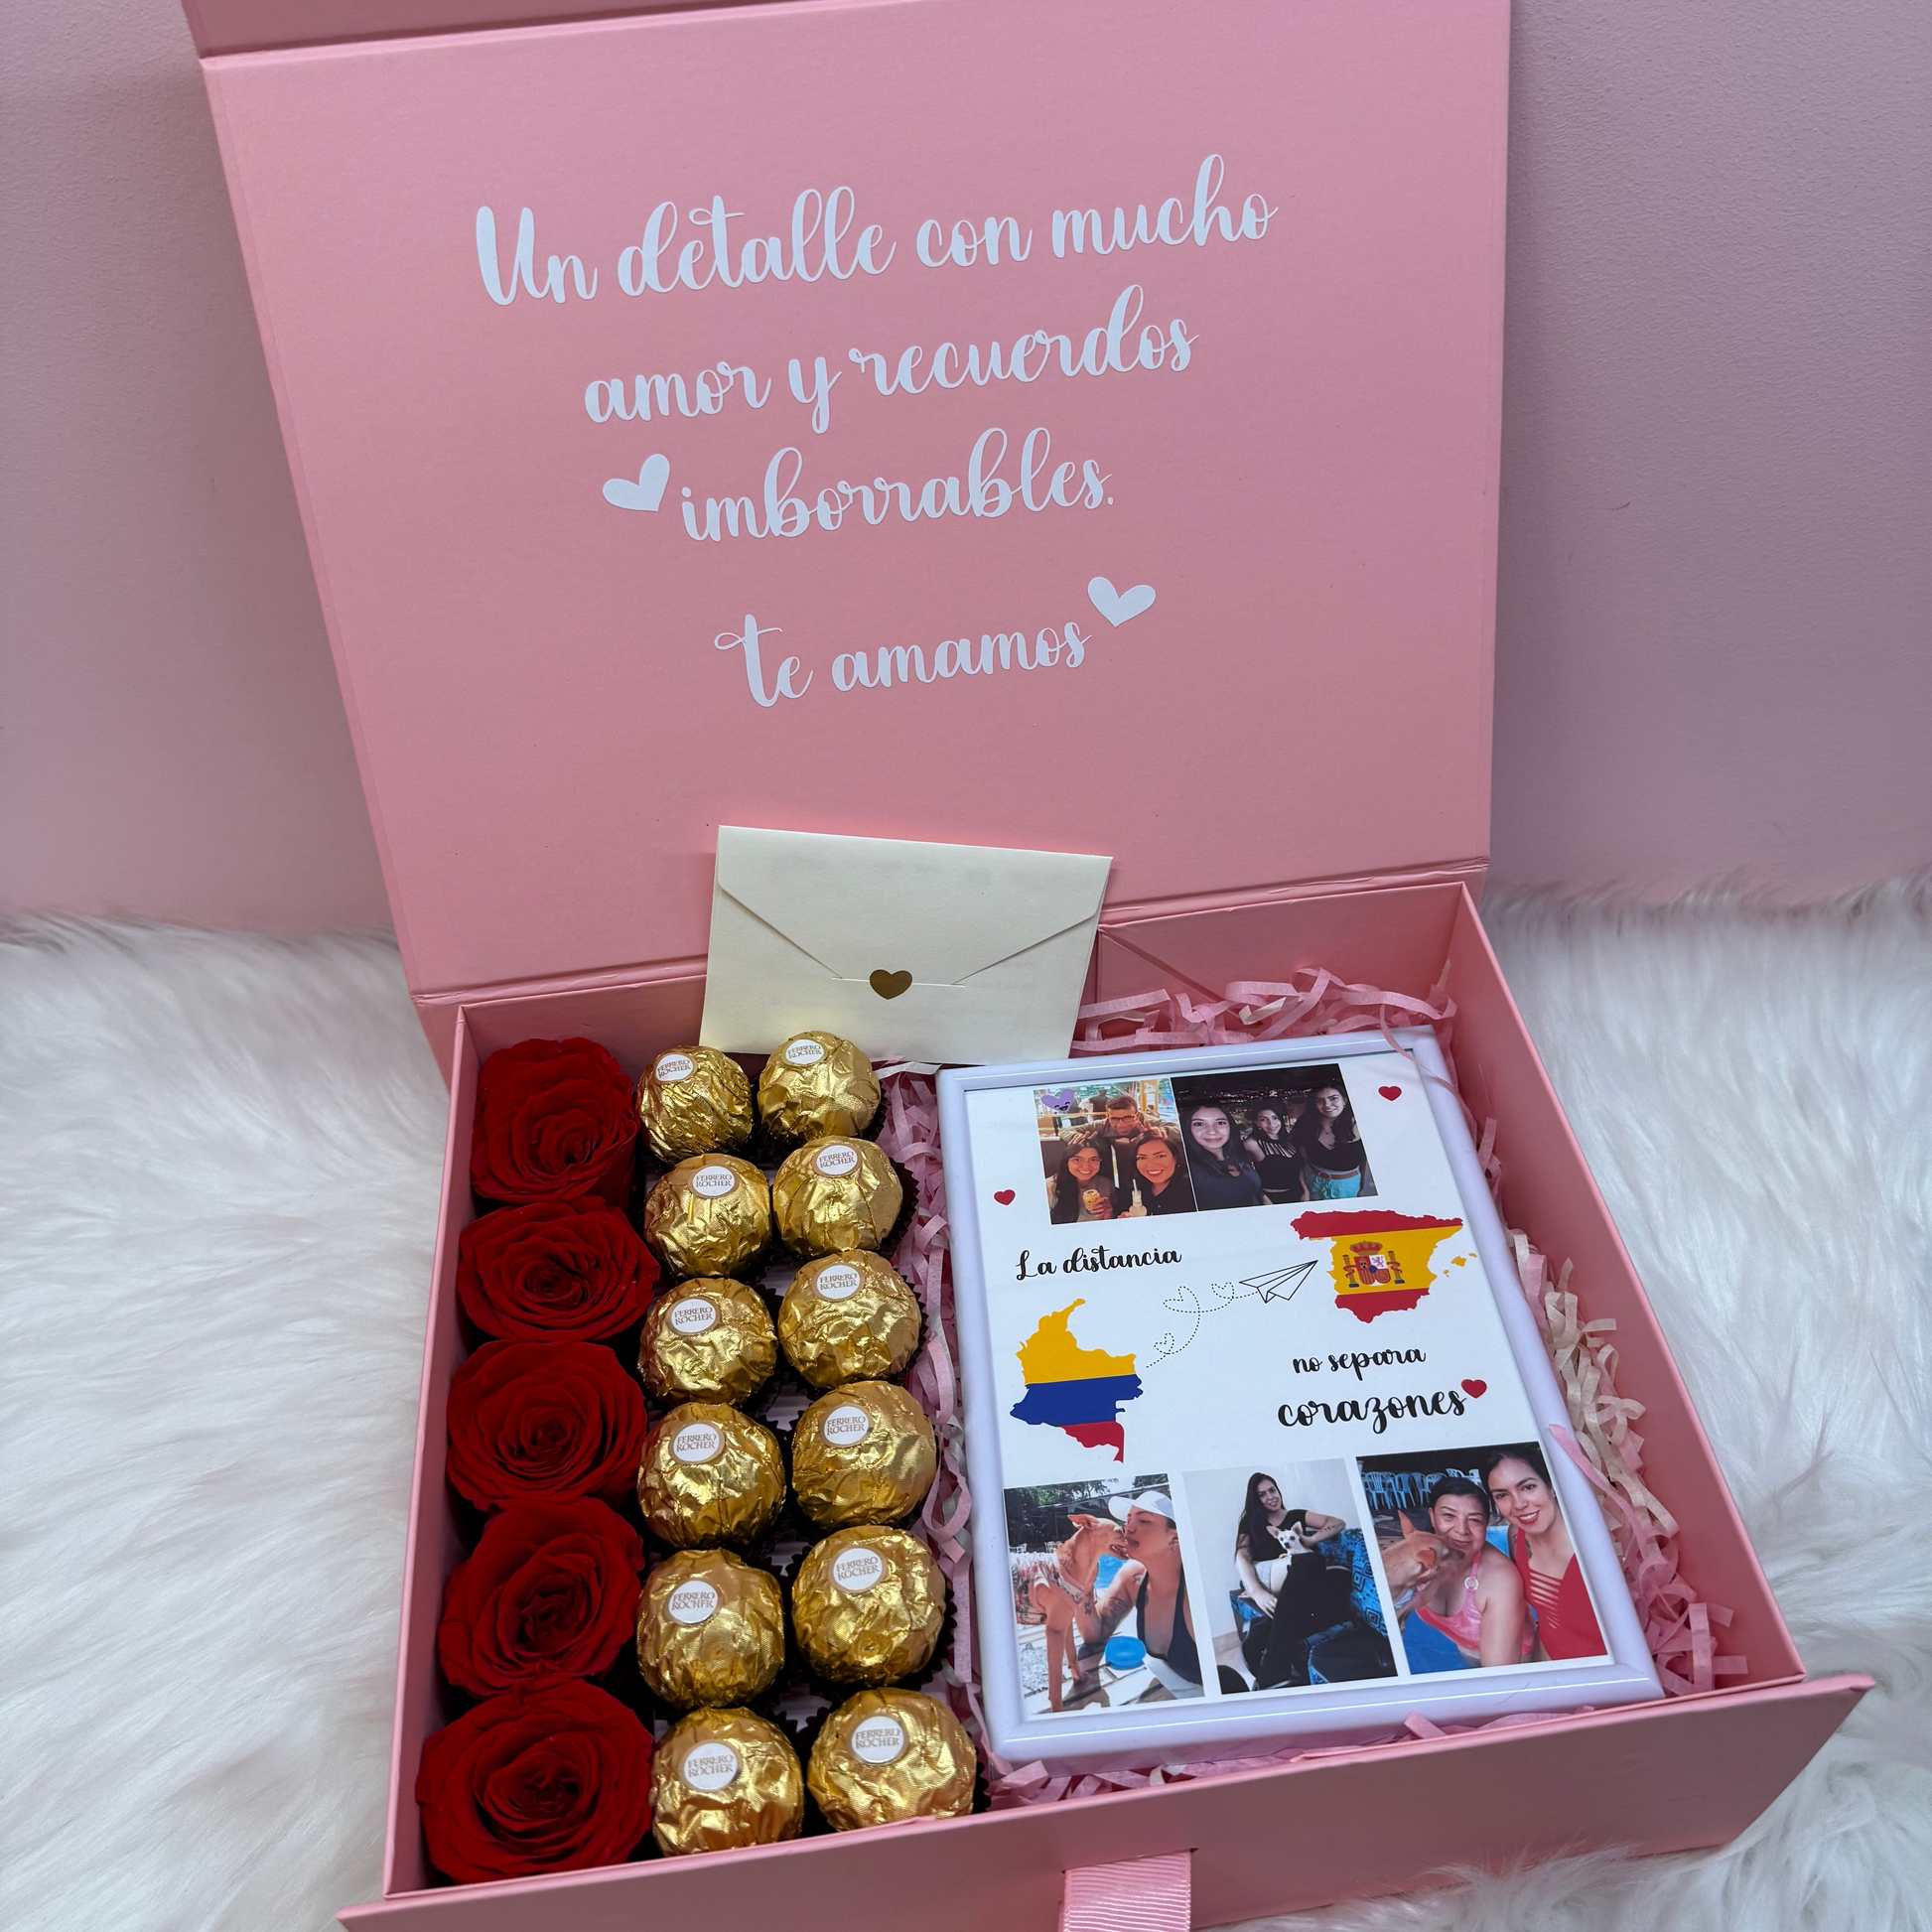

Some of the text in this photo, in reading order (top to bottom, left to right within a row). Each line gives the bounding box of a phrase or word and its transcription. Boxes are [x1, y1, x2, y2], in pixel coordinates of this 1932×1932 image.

[476, 153, 1280, 306] Un detalle con mucho
[584, 284, 1200, 434] amor y recuerdos
[681, 427, 1114, 542] imborrables.
[713, 614, 1093, 708] te amamos
[787, 1045, 821, 1054] FERRERO
[789, 1049, 823, 1059] ROCHER
[656, 1059, 690, 1072] FERRERO
[658, 1065, 692, 1078] ROCHER
[819, 1152, 854, 1163] FERRERO
[820, 1158, 855, 1168] ROCHER
[1016, 1244, 1182, 1281] La distancia
[820, 1273, 857, 1283] FERRERO
[820, 1280, 858, 1290] ROCHER
[674, 1307, 713, 1317] FERRERO
[675, 1313, 713, 1324] ROCHER
[1292, 1347, 1427, 1382] no separa
[1278, 1387, 1468, 1435] corazones
[827, 1417, 866, 1428] FERRERO
[827, 1424, 865, 1436] ROCHER
[677, 1434, 717, 1444] FERRERO
[676, 1442, 716, 1451] ROCHER
[836, 1557, 879, 1572] FERRERO
[837, 1565, 880, 1581] ROCHER
[673, 1591, 715, 1601] FERRERO
[672, 1599, 714, 1610] ROCHER
[856, 1728, 900, 1739] FERRERO
[856, 1737, 900, 1748] ROCHER
[688, 1754, 734, 1767] FERRERO
[688, 1764, 734, 1777] ROCHER
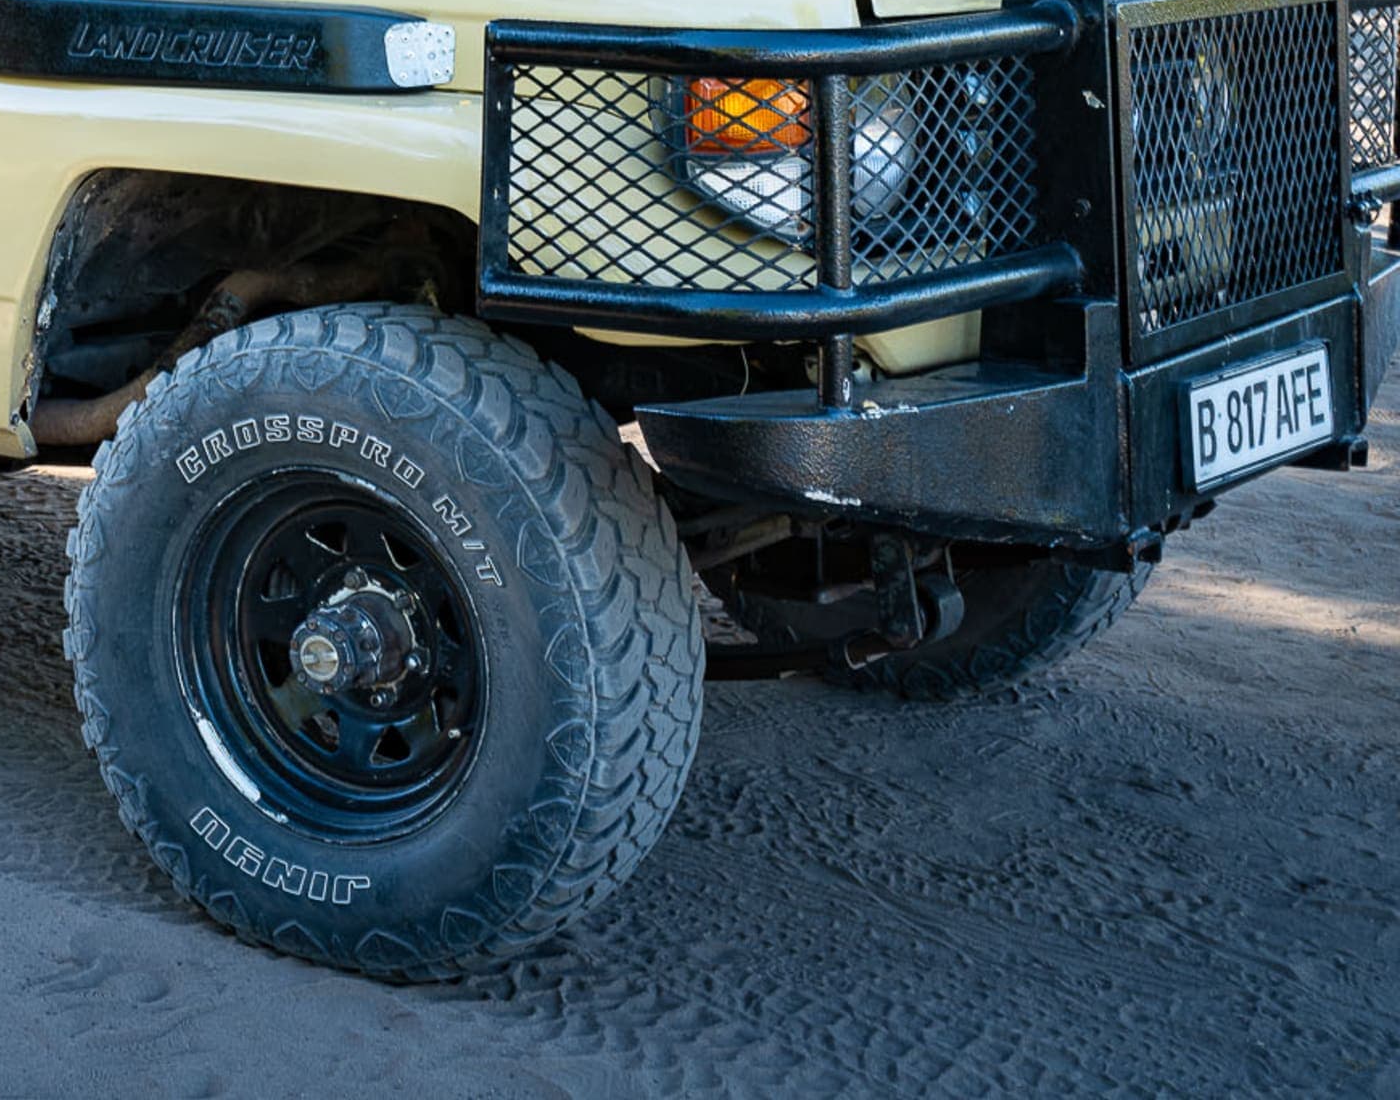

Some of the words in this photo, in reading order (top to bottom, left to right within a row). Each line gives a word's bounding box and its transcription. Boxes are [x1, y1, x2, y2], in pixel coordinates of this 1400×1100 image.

[1197, 398, 1217, 468] B
[1227, 380, 1268, 454] 817
[1276, 362, 1324, 440] AFE
[176, 413, 425, 490] CROSSPRO
[433, 494, 505, 587] M/T
[189, 805, 370, 904] JINYU
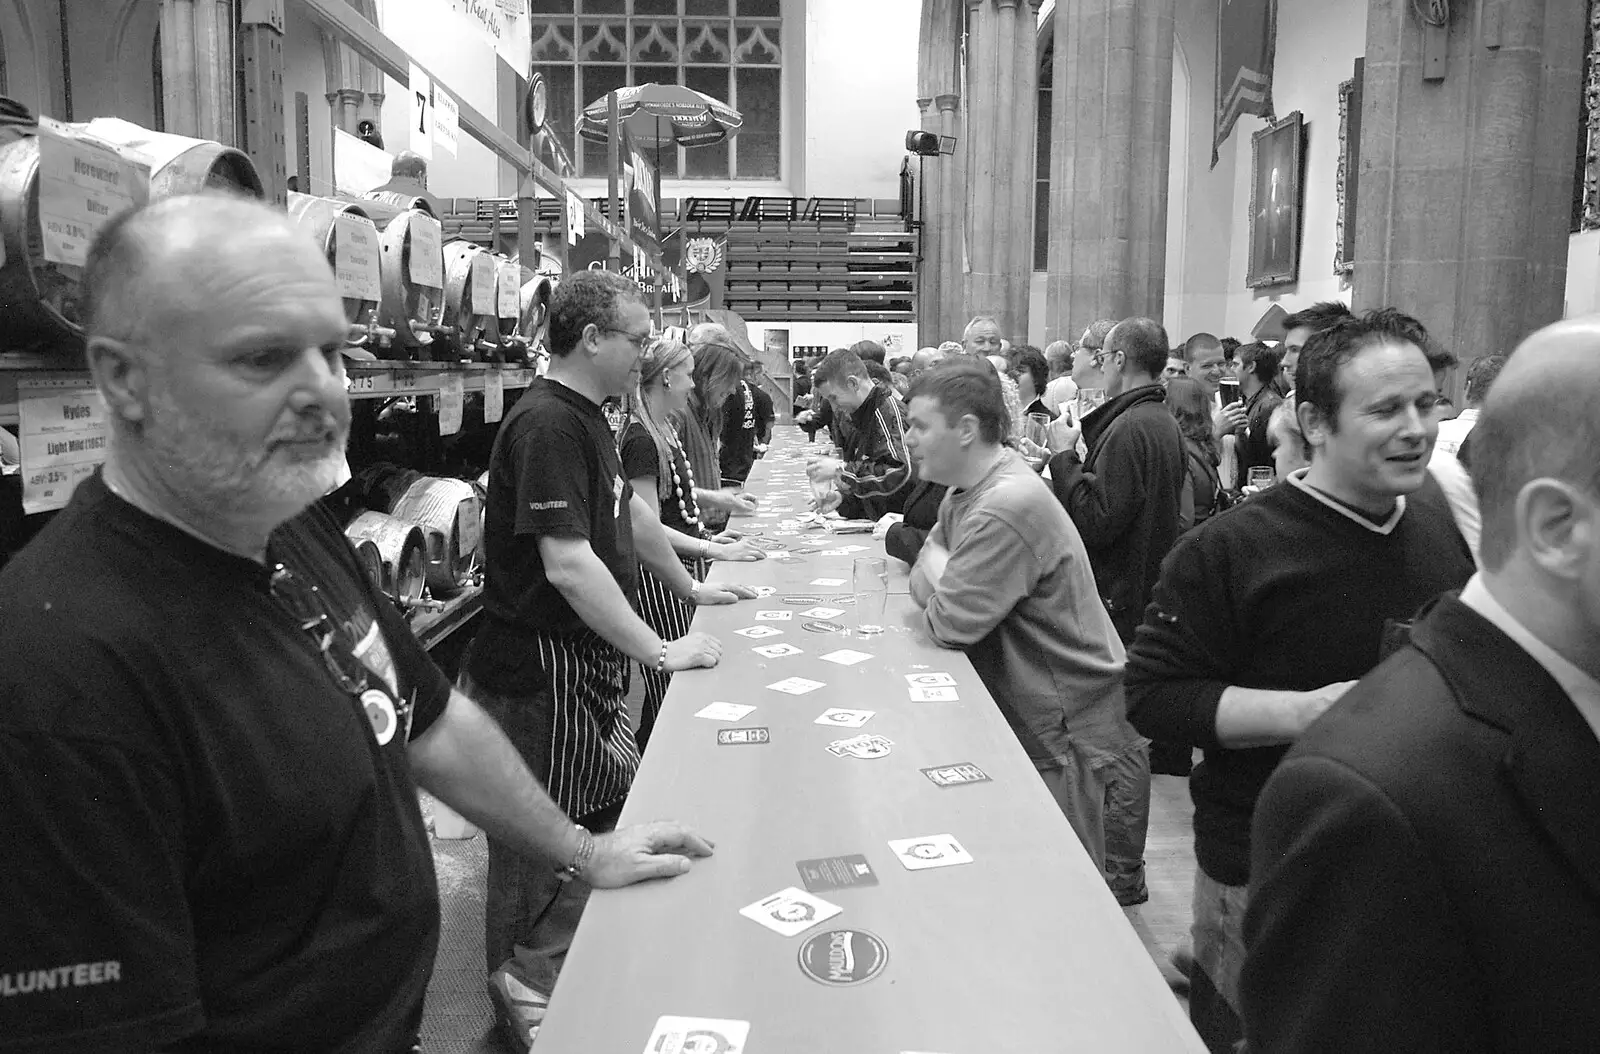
==============================
> _THE TASK_:
Return all the data exactly, pictures omitted.

> _REPLY TO THE EXERCISE_:
Some of the text in this photo, in reading order (top to bottom, left to right within a row). Each line gives the bounding box of a phrase or word and its transcription. Boxes are [x1, y1, x2, y2], in pixel coordinates of this 1932×1932 image.

[476, 153, 1280, 306] Un detalle con mucho
[584, 284, 1200, 434] amor y recuerdos
[681, 427, 1114, 542] imborrables.
[713, 614, 1093, 708] te amamos
[787, 1045, 821, 1054] FERRERO
[789, 1049, 823, 1059] ROCHER
[656, 1059, 690, 1072] FERRERO
[658, 1065, 692, 1078] ROCHER
[819, 1152, 854, 1163] FERRERO
[820, 1158, 855, 1168] ROCHER
[1016, 1244, 1182, 1281] La distancia
[820, 1273, 857, 1283] FERRERO
[820, 1280, 858, 1290] ROCHER
[674, 1307, 713, 1317] FERRERO
[675, 1313, 713, 1324] ROCHER
[1292, 1347, 1427, 1382] no separa
[1278, 1387, 1468, 1435] corazones
[827, 1417, 866, 1428] FERRERO
[827, 1424, 865, 1436] ROCHER
[677, 1434, 717, 1444] FERRERO
[676, 1442, 716, 1451] ROCHER
[836, 1557, 879, 1572] FERRERO
[837, 1565, 880, 1581] ROCHER
[673, 1591, 715, 1601] FERRERO
[672, 1599, 714, 1610] ROCHER
[856, 1728, 900, 1739] FERRERO
[856, 1737, 900, 1748] ROCHER
[688, 1754, 734, 1767] FERRERO
[688, 1764, 734, 1777] ROCHER

Some of the words in this photo, in reading order (top to bottom, left to right within a row). Each line gives a word's bounding box and its transcription. Boxes are [x1, y1, x2, y2], in pixel coordinates of this 1400×1100 image.

[1197, 398, 1217, 468] B
[1227, 380, 1268, 454] 817
[1276, 362, 1324, 440] AFE
[176, 413, 425, 490] CROSSPRO
[433, 494, 505, 587] M/T
[189, 805, 370, 904] JINYU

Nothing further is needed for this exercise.